Just over a year ago “Saracena” came out, refined album in the sounds and articulated in its political attitude. An excellent job that, placing the concept of separation in the center, wanted to sing about the Nakbathe forced exodus of the Arabs of Palestine and their drama returned current. Cesare Basile is totally free from any market or stylistic fashion logic. One of the few authors of the Italian panorama that remained able to produce records in which theunderground Squeeze the eye more and more mainstream. What is striking is his being a craftsman of music, coming to amaze without ever being overexposed. Artisan is literally in building his tools, modifying or elaborating them. To this he combines the versatility of a thirty -year career in which he has always looked beyond the geographical and sound boundaries.
This long premise is necessary to introduce “Nivura Spoken”, but to understand it in full the moment of conception must also be contextualized. We are in full pandemic in the spring of 2020. In a recent interview, Cesare himself saying that he did not want to create a conventional album but something more adherent to the extraordinary period that the world lived. He adds that he was not very inclined to play the guitar, preferring to approach the electronics instead. So after various vicissitudes on May 16, published by the Catanese label Vice versa records, “Nivura Spoken” comes out.
Firstly, an album that we could define dystopian in the sounds but also in text/music combinations. An articulated structure that sees as a further system spoken-wordof Blues tradition but whose origin dates back to ancient Greece, when the speeches of the wise were put in music and played during the Olympics. A hybrid job, mestizo as always, but with redesigned parameters again this time.

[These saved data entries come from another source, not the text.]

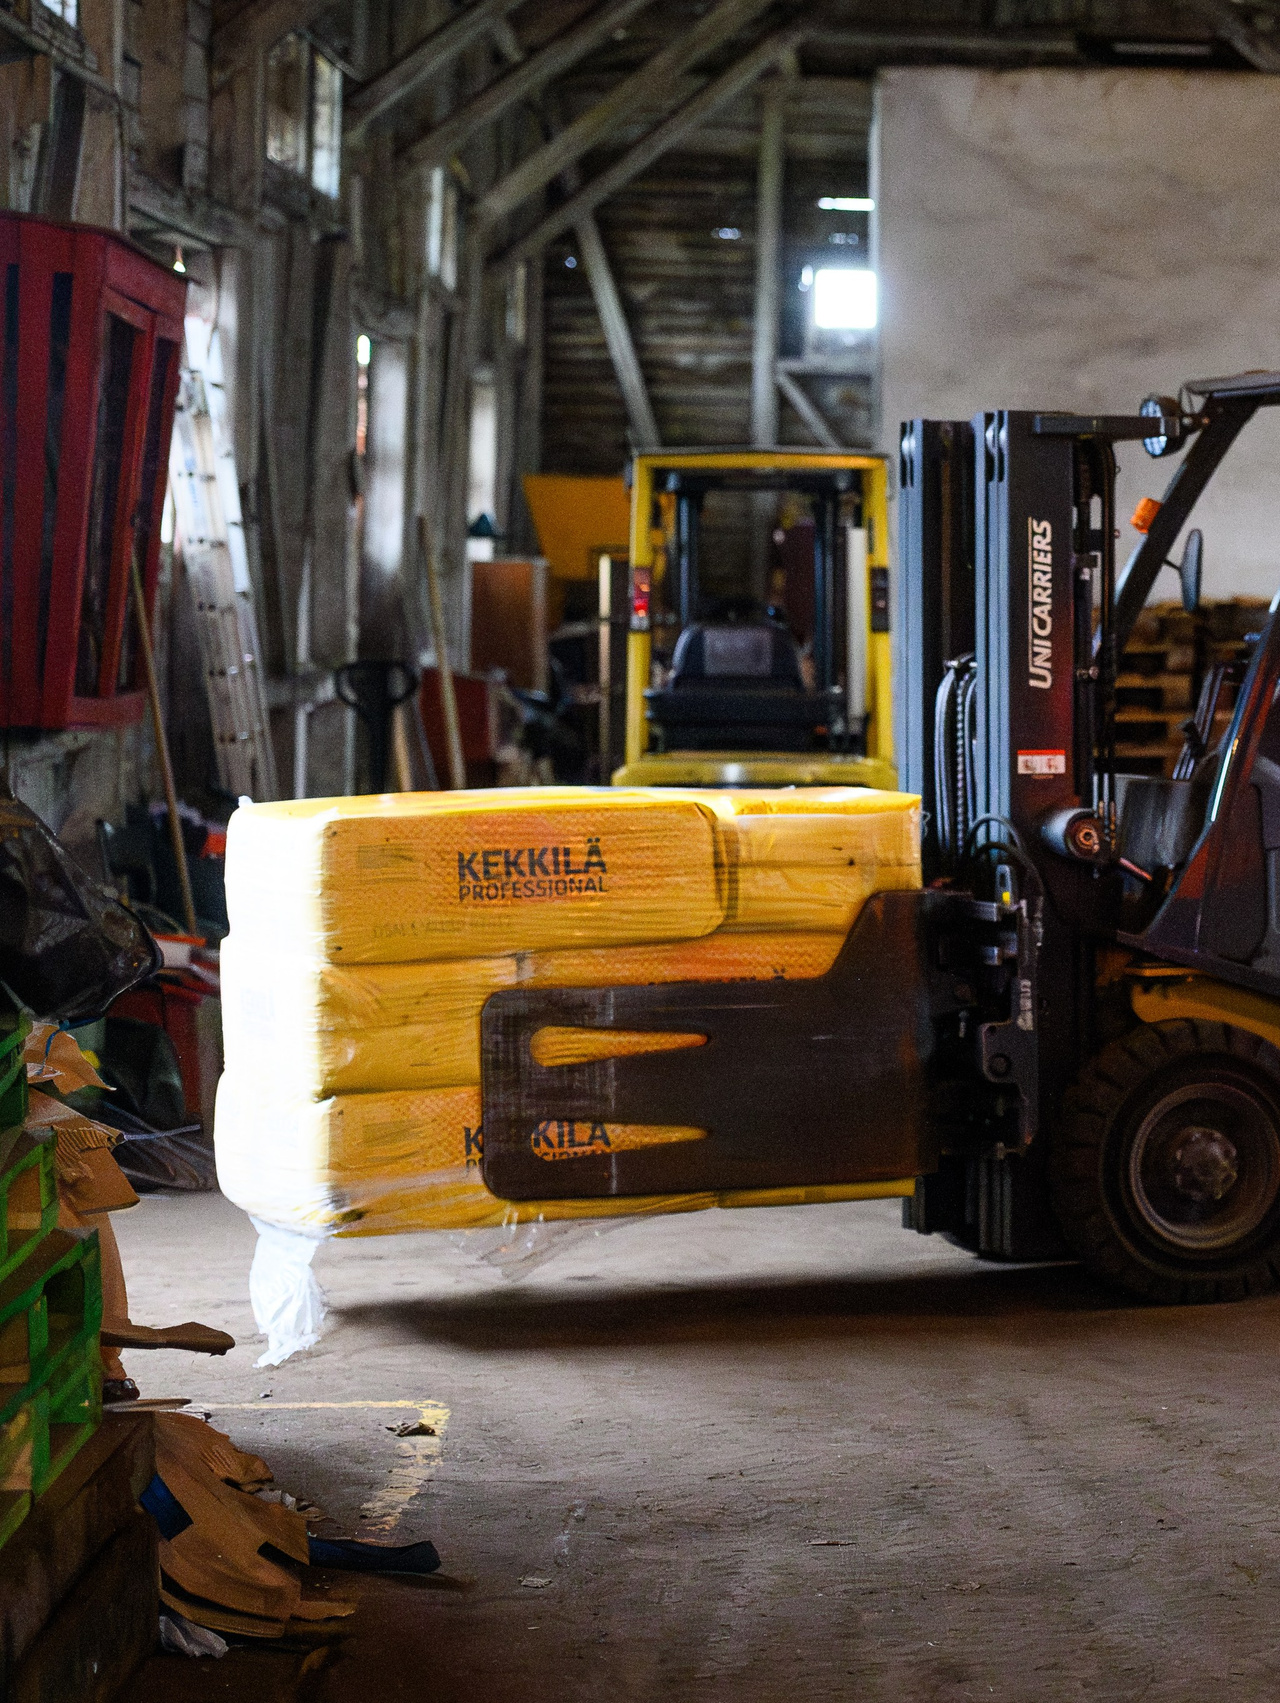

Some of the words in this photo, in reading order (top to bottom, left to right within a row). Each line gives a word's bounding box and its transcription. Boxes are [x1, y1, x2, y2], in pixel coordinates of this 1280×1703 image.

[1028, 517, 1053, 689] UNICARRIERS
[457, 837, 608, 883] KEKKILÄ
[458, 875, 609, 902] PROFESSIONAL
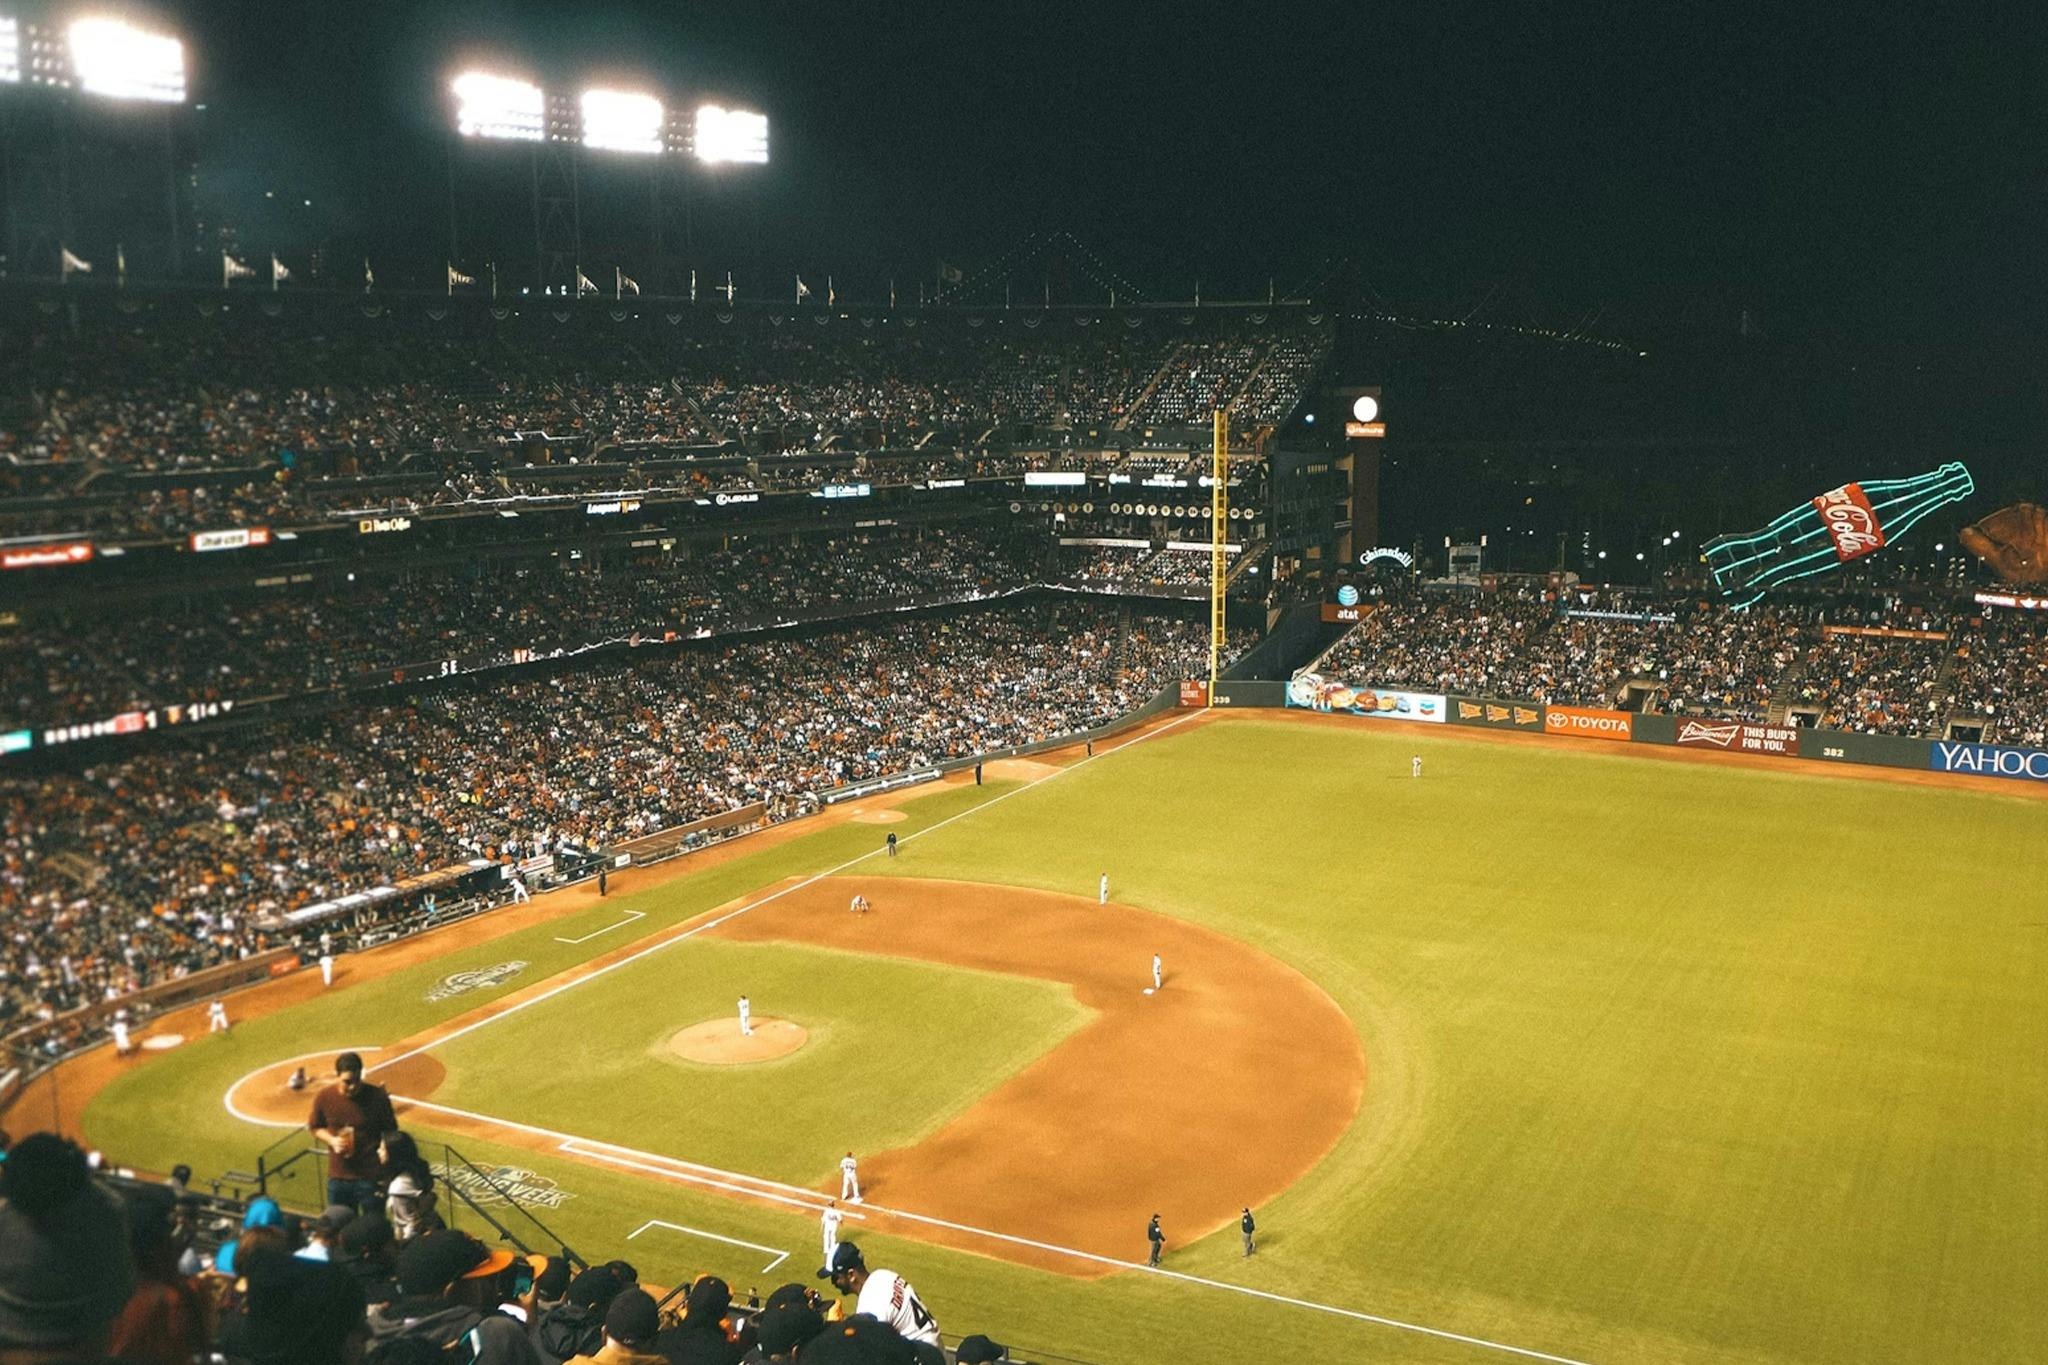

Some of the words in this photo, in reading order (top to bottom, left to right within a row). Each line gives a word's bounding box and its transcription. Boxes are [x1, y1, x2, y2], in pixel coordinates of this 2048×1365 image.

[1360, 547, 1413, 568] Ghirardelli
[1337, 609, 1359, 620] at&t
[1570, 716, 1630, 732] TOYOTA
[1681, 725, 1737, 740] Budweiser
[1742, 726, 1766, 738] THIS
[1767, 729, 1797, 741] BUD'S
[1742, 738, 1761, 749] FOR
[1763, 740, 1786, 752] YOU.
[1823, 748, 1844, 757] 382
[505, 1181, 566, 1207] WEEK

Seven tracks, 27 minutes of experimentation and darkness (“nivura” in the rest in Sicilian dialect means “black”).
After a first track/intro Omony and more digestible in which you can see desert blues veins, you descend into the subsequent six groups, each of which features a female voice. Donne, level artists and associates to which Cesare asked to ferry the listener to his sound visions. Each of it recites in its own language or dialect of derivation.

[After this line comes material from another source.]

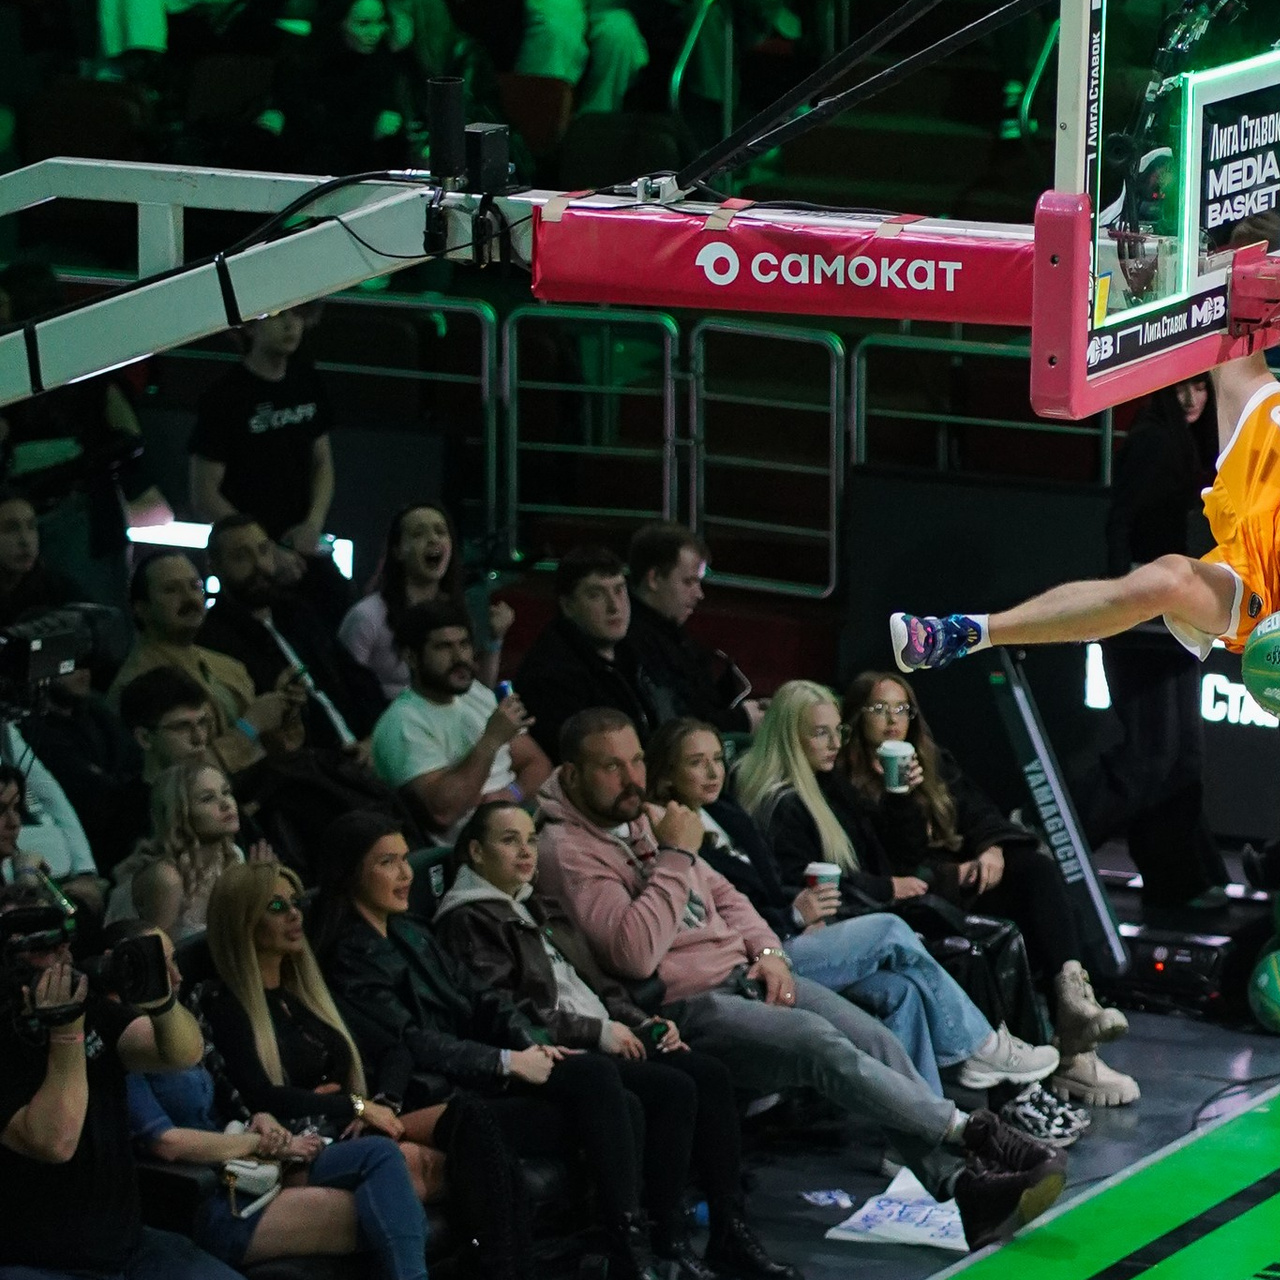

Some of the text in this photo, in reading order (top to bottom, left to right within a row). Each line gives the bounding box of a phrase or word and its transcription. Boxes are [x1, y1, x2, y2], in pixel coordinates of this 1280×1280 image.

[1208, 151, 1280, 200] MEDIA
[1207, 184, 1280, 230] BASKET
[1023, 757, 1085, 885] YAMAGUCHI

“U me Zogu Cor Diavu” is a reinterpretation of “Sympathy for the Devil” of Rolling Stones narrated by Rita Oberti in a Ligurian mountain dialect with an industrial and noise frame. In “nisun al da nosi” the voice of Sara Ardizzoni is kneaded to evocative and hypnotic sounds that seem to emerge from the boiling of distant sulphurous lands. “Cosmo” could be one pièce Theatrical: the voice of Nada Malanima seems to come from another dimension, the alienating text is scratched by violent sound scratches.
True of Lecce lends the voice to a “synthetic” reinterpretation of traditional Salentino “Aremu Rinbinedda”, while Valentina Lupica re -adapted a text by Franco warmed on a sound carpet already blaming of Basile.

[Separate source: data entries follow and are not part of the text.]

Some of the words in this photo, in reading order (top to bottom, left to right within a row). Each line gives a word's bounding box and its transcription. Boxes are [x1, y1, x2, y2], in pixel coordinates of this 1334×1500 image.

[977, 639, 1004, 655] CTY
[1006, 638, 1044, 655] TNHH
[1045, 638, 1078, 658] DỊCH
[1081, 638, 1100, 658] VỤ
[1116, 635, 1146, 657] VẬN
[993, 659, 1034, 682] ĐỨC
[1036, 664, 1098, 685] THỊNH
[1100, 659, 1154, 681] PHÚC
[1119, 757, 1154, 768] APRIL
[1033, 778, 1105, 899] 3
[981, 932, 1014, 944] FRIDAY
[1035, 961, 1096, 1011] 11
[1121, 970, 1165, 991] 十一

Really remarkable is “frustration”. The text, edited by the Palestinian rapper Sarah Elkahlout, is packaged by Basile in a post-rock key: the music gives the song the sacredness it deserves: in order to verses so intense, which Sarah has sent from his battered land, one can only feel respect.
In short, Cesare Basile confirms himself to be an artist capable of moving his gaze in time and space. Time makes a tool of knowledge and space a means of expression, crossing these two quantities without borders in every direction and combining apparently irreconcilable worlds.